Other possible last words

"Mr. Speaker, Members of the House, I shall be brief, as I have rather unfortunately become Prime Minister right in the middle of my exams... "
Possible first words as Prime Minister, as portrayed by Simon Osborne in 'Blackadder the Third'

William Pitt The Younger, to distinguish him from William Pitt The Elder, his father, was the youngest ever Prime Minister at the age of 24 (although at this period the term of "Prime Minister" was not used). He left office in 1801, but was Prime Minister again from 1804 until his death (making him also the youngest Prime Minister to die in office). He was succeeded by William Grenville, who led the abortive "All-the-Talents" Ministry; incidentally, Grenville was his first cousin (Pitt's mother Hester was Grenville's father George Grenville's sister) and cousin-in-law (Grenville had married Pitt's cousin Anne).

He was Prime Minister during massive upheavals in Europe and once said "Fold that (a map of Europe) up, we will not require it for 10 years" when he heard about the Battle of Austerlitz. He also had to deal with the Napoleonic Wars and the French Revolution. Although often referred to as a Tory, or "new Tory", called himself an "independent Whig" or "reform Whig" and was generally opposed to the development of a strict partisan political system.

His early premiership was marked by attempts to curb the National Debt that had been racked up by the American Revolutionary War: his two most infamous taxes were on wig powder and window glass, with the result that he single-handedly ended the 18th century fashion for wigs and a lot of contemporary British buildings still have bricked-up windows. Notably, Pitt was also responsible for formulating and overseeing the Act of Union between Britain and Ireland in the wake of the 1798 United Irish rising. This led to his resignation when he followed up with a push for Catholic emancipation, which was opposed by the King.

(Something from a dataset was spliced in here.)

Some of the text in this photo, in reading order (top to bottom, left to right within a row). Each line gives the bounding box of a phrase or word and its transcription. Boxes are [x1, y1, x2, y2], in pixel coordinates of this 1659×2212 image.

Perhaps his longest term influence was the solidifying of so much power under himself, the template that would lead to the Prime Minister/Cabinet relationship the UK has today.

Like father, like son.

Just as his father had a large number of places named after him, so did Pitt the Younger. Among them are: Pittsylvania County Virginia, Pittwater New South Wales, Pitt Street Sydney (The main financial precinct street), Pitt Street, Hong Kong and The Pitt's Head rock formation in Snowdonia National Forest Park (because it resembled him). While Chatham County was named after his father, Pittsboro, North Carolina was named for William Pitt the Younger.

In fiction:
  • William Pitt The Younger is made fun of in Blackadder The Third, where he is a teenage boy. We also meet his younger brother, "William Pitt the Even Younger" (as opposed to Blackadder's guess that he might be named "Pitt the Toddler", "Pitt the Embryo" or "Pitt the Glint-in-the-milkman's-eye.").
  • The film The Madness Of King George.
  • The film Amazing Grace, where he's played by Benedict Cumberbatch.
  • The WWII propaganda film The Young Mr. Pitt.

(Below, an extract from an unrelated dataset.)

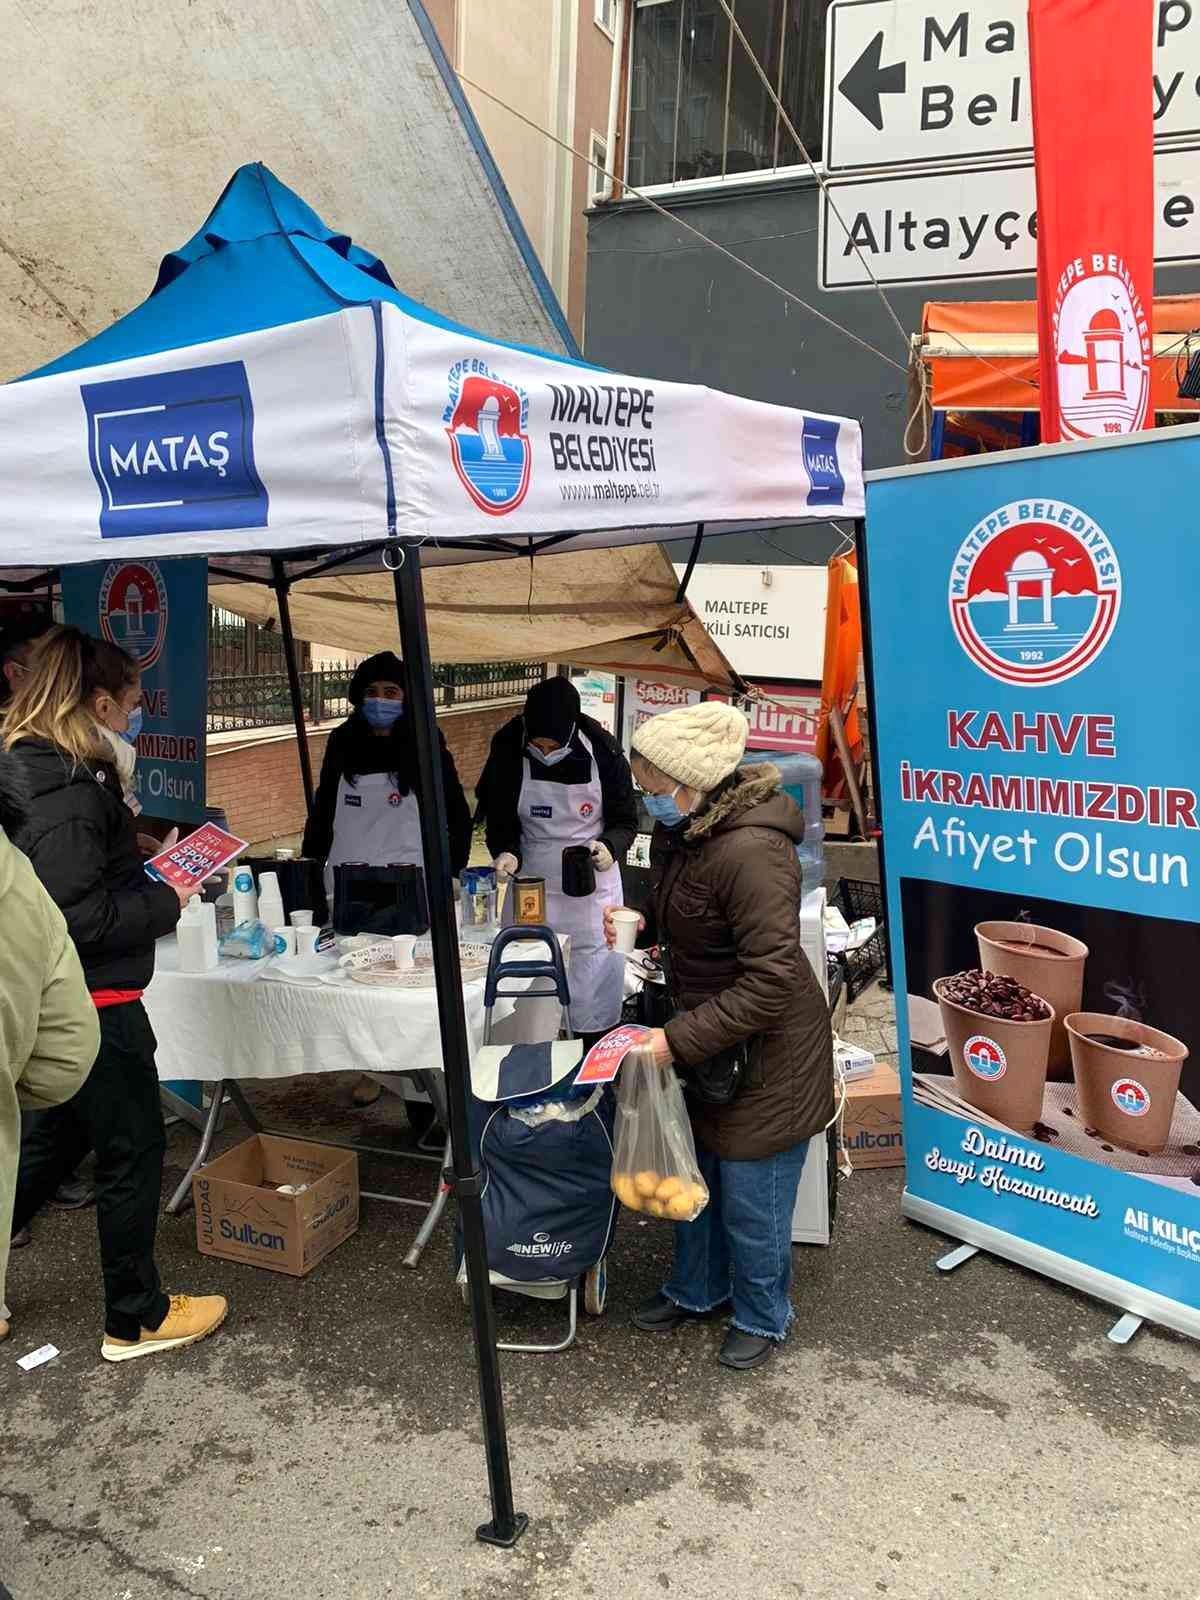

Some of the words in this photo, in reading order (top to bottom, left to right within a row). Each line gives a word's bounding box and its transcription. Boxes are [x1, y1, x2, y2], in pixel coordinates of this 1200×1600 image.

Tropes associated with him:
  • The Alcoholic: Even by eighteenth-century standards, when hard drinking was not unusual. It probably contributed to his early death.
  • Celibate Hero: Notoriously so ("The Virgin Prime Minister"). This was cause for much speculation during his own lifetime: was he impotent because of alcohol or disease? Seeing women on the sly? Attracted to men? Asexual? Recent biographers have inclined to the last two options.
  • Large and In Charge: Pitt's height was about six feet, which was considered strikingly tall by his contemporaries.
  • 10-Minute Retirement: More of a three year retirement, but the circumstances were similar. In 1801, following an disagreement with King George III over Catholic Emancipation, Pitt resigned, and was replaced as Prime Minister by Henry Addington, who is widely regarded as a case of Head-in-the-Sand Management, negotiatiated a peace with Napoleon Bonaparte. However by 1804, the war was resumed, and faced with a French invasion of Britain, King George called for Pitt to lead his country once more. During his second time as Prime Minister, Lord Nelson won the Battle of Trafalgar, removing all threat of invasion.
  • Young and in Charge: Like we said, PM at 24.